[Image-backed grounding data]
****************************************

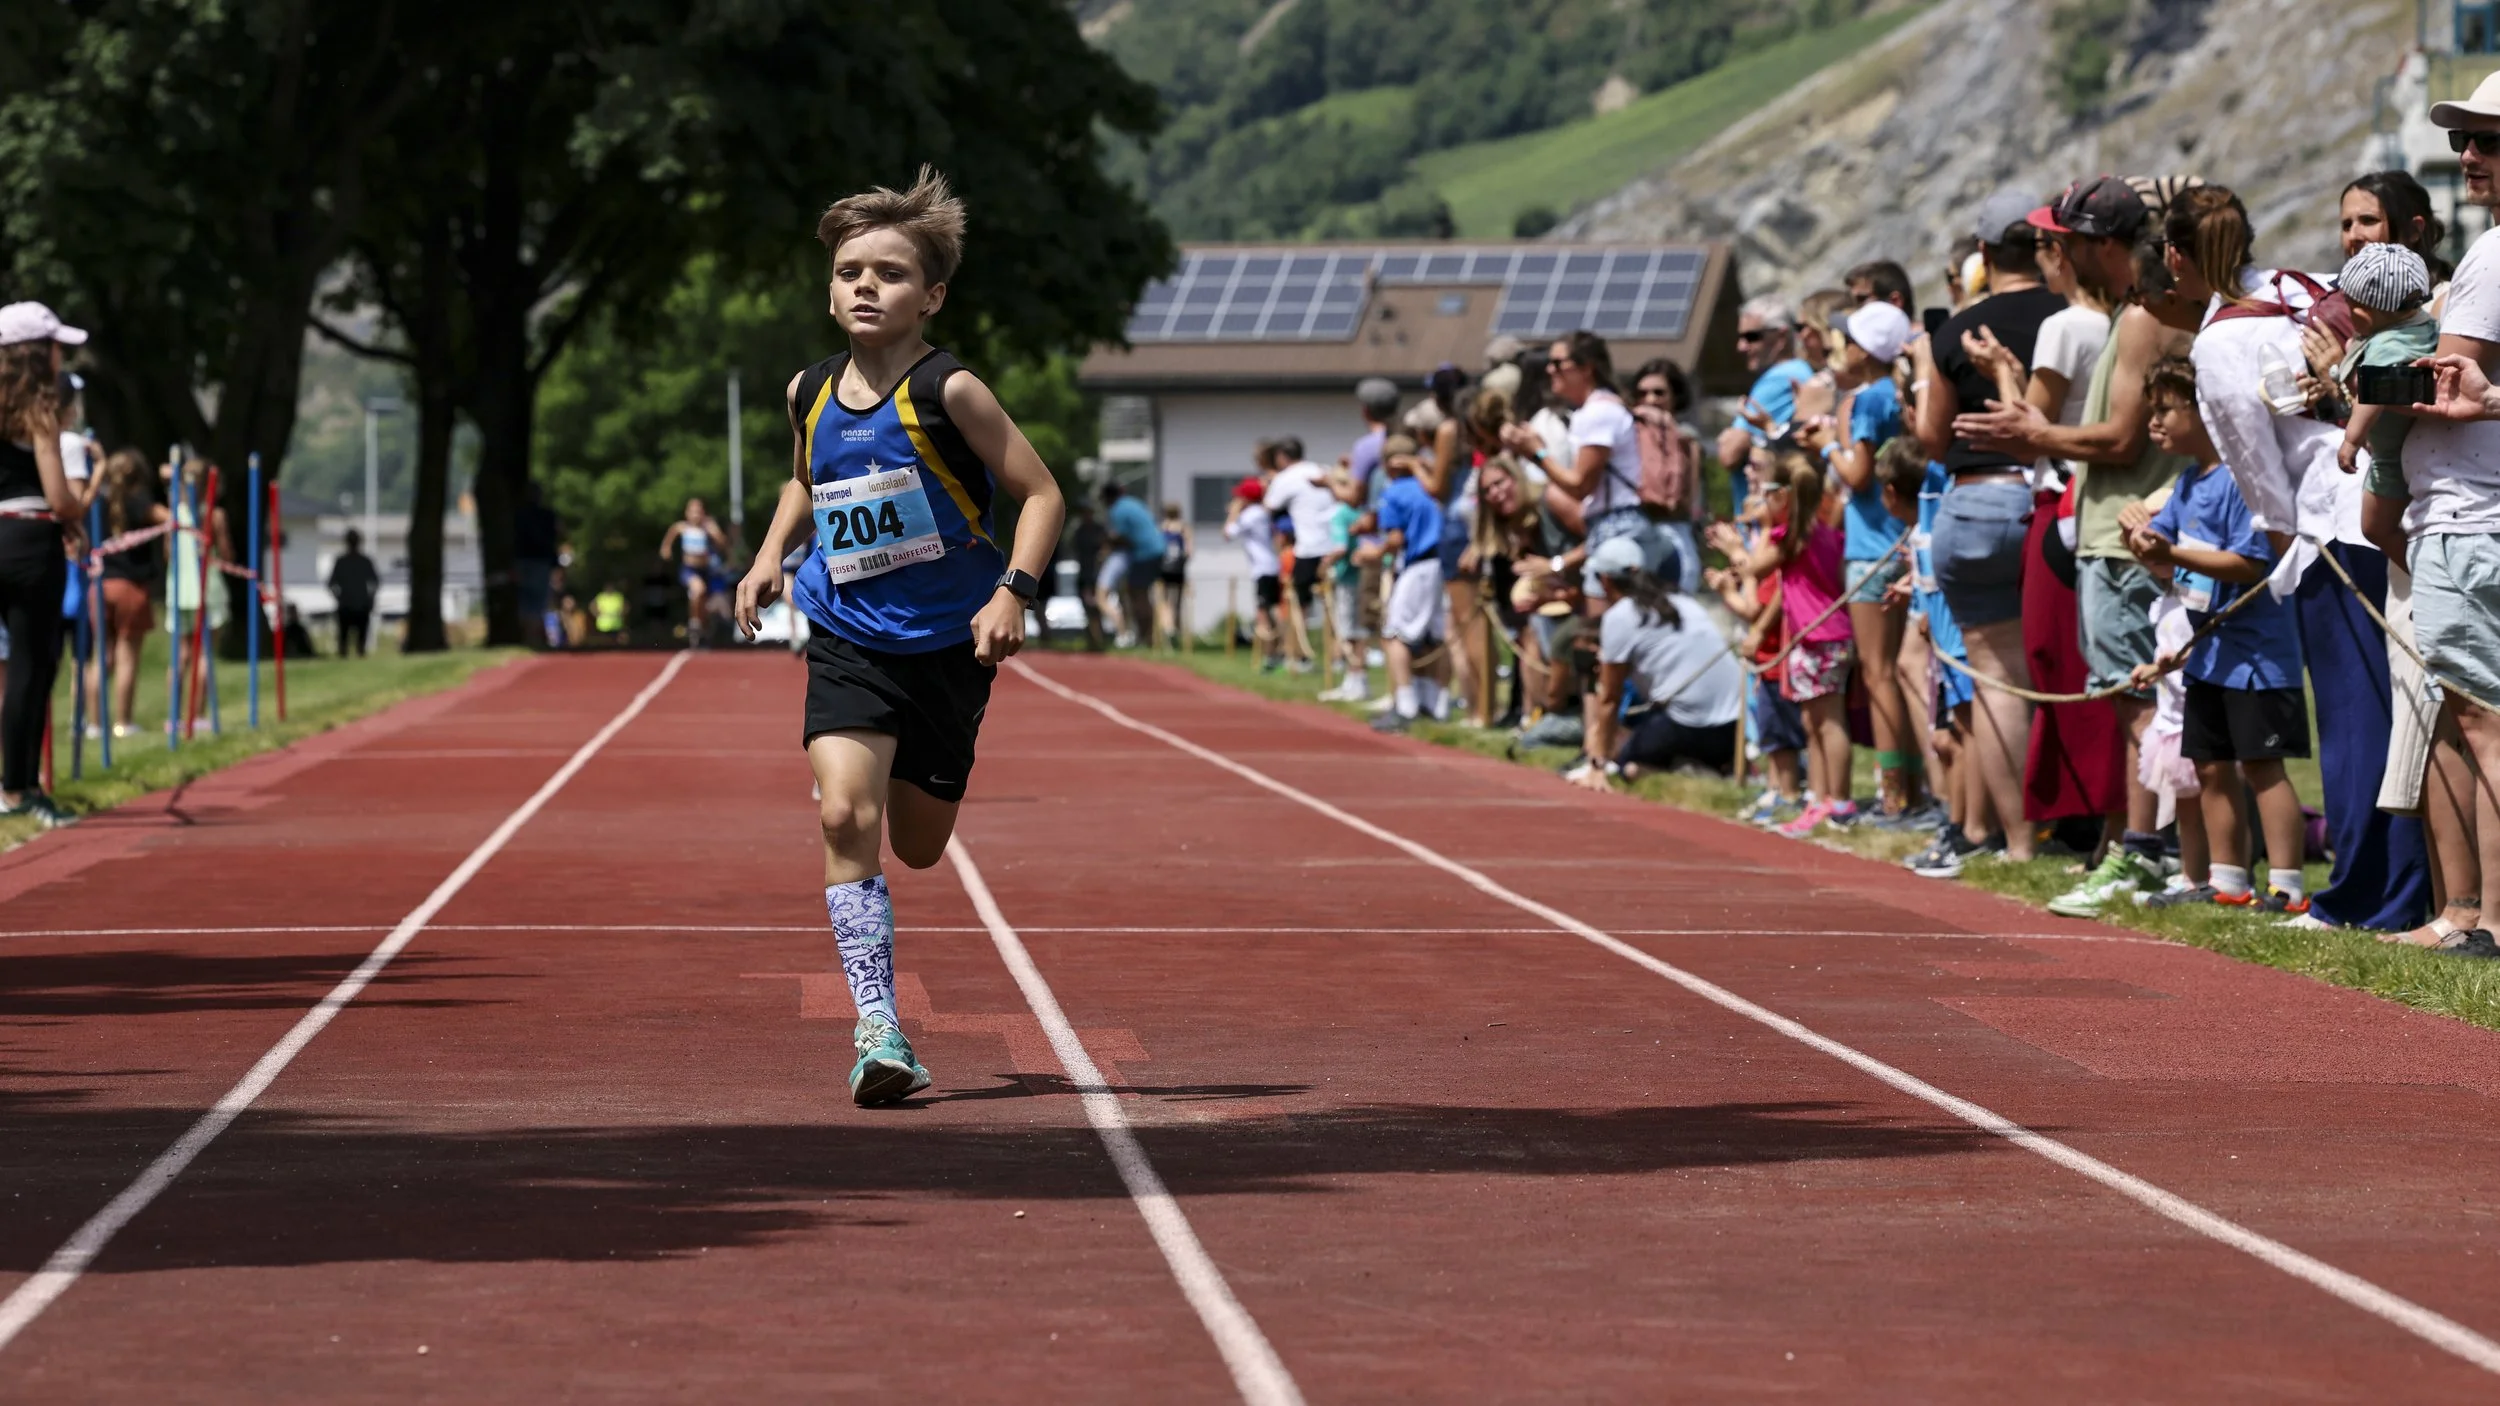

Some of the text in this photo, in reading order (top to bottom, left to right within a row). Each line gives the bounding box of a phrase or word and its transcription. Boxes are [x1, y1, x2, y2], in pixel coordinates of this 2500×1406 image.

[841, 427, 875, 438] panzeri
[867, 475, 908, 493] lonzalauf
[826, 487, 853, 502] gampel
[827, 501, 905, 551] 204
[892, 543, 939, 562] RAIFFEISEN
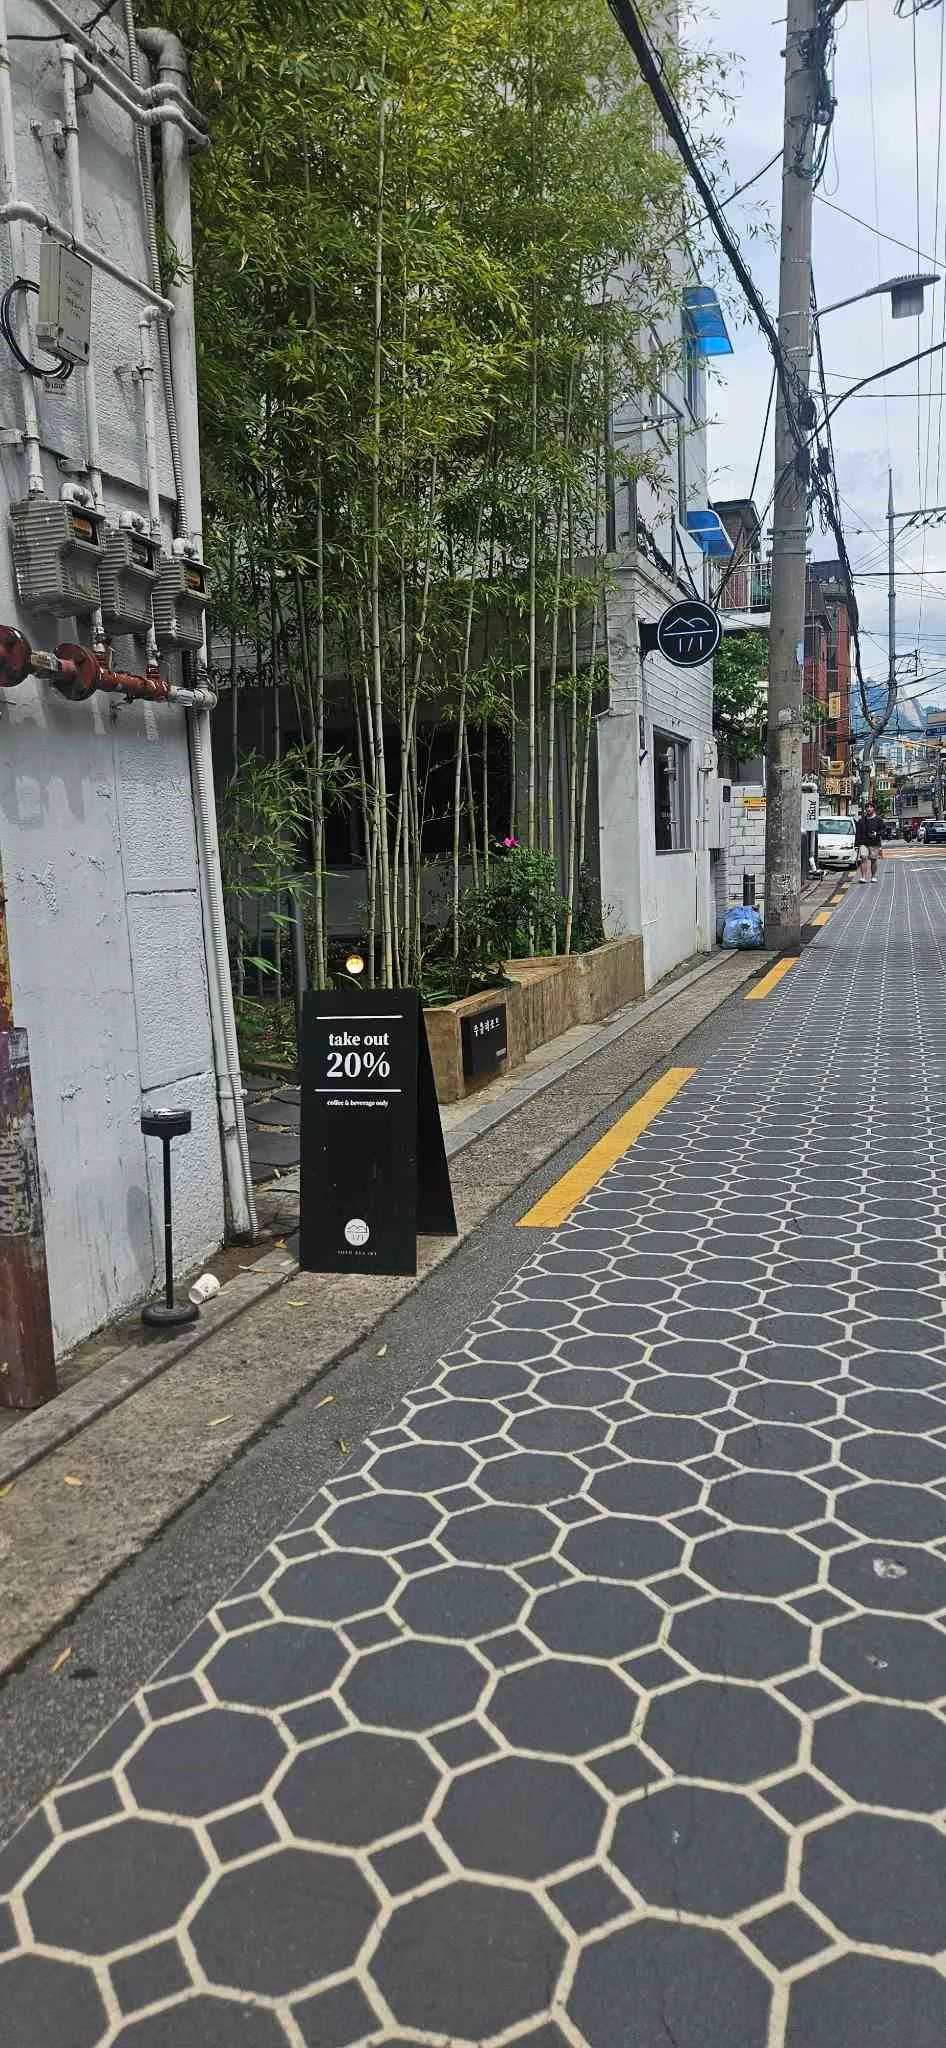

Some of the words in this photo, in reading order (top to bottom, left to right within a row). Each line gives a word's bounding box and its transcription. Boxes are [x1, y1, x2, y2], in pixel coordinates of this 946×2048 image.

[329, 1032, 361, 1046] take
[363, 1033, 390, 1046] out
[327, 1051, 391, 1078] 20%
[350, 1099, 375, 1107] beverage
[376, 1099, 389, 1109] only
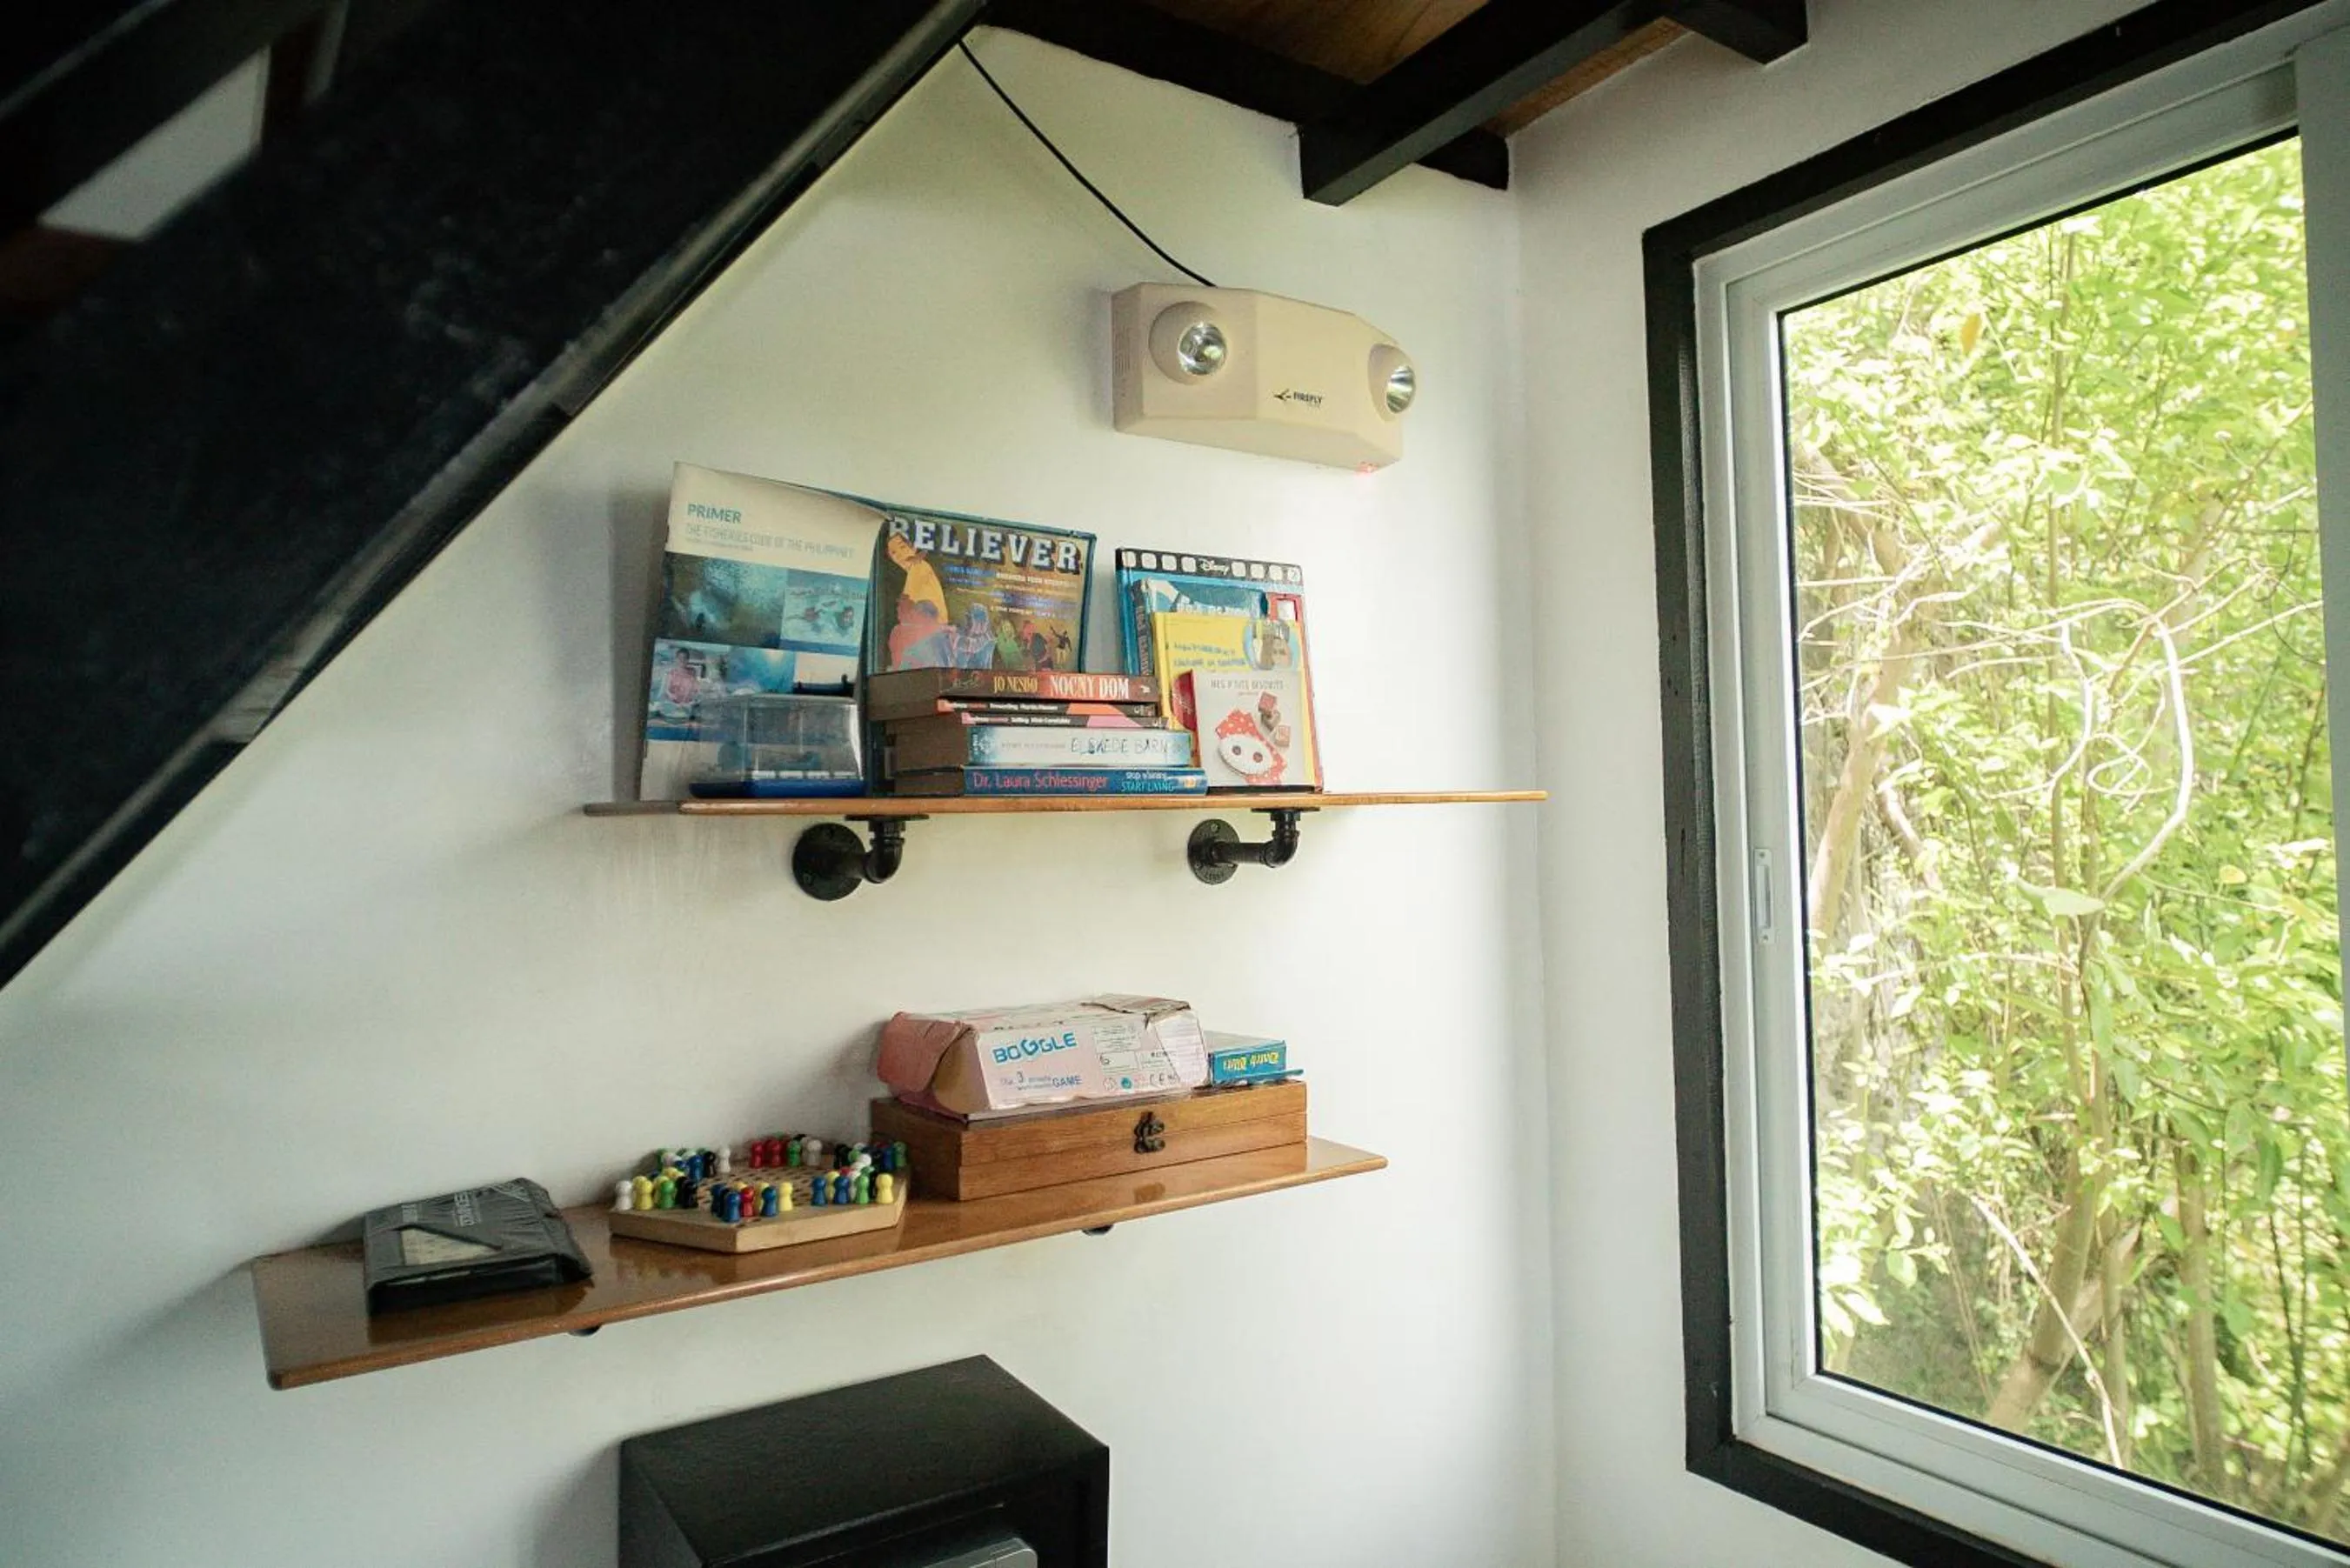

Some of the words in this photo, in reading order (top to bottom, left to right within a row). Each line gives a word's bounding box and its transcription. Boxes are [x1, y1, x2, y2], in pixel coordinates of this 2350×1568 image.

****************************************

_Your objective:_ Exclude every picture, then reproduce the remaining data character for character.

_Solution to this exercise:_
Some of the text in this photo, in reading order (top to bottom, left to right within a row). Each line gives the bounding box of a phrase or word and its transcription. Boxes are [x1, y1, x2, y2], in pixel coordinates of this 2500×1406 image.

[841, 427, 875, 438] panzeri
[867, 475, 908, 493] lonzalauf
[826, 487, 853, 502] gampel
[827, 501, 905, 551] 204
[892, 543, 939, 562] RAIFFEISEN

Some of the words in this photo, in reading order (top to bottom, left to right within a row). Each line gives a word's bounding box and its transcription. Boxes are [x1, y1, x2, y2], in pixel coordinates of this 946×2048 image.

[329, 1032, 361, 1046] take
[363, 1033, 390, 1046] out
[327, 1051, 391, 1078] 20%
[350, 1099, 375, 1107] beverage
[376, 1099, 389, 1109] only

Some of the words in this photo, in reading order (top to bottom, left to right within a row). Each line gives a word's bounding box and its transcription. Boxes are [x1, y1, x2, y2], in pixel coordinates of this 2350×1568 image.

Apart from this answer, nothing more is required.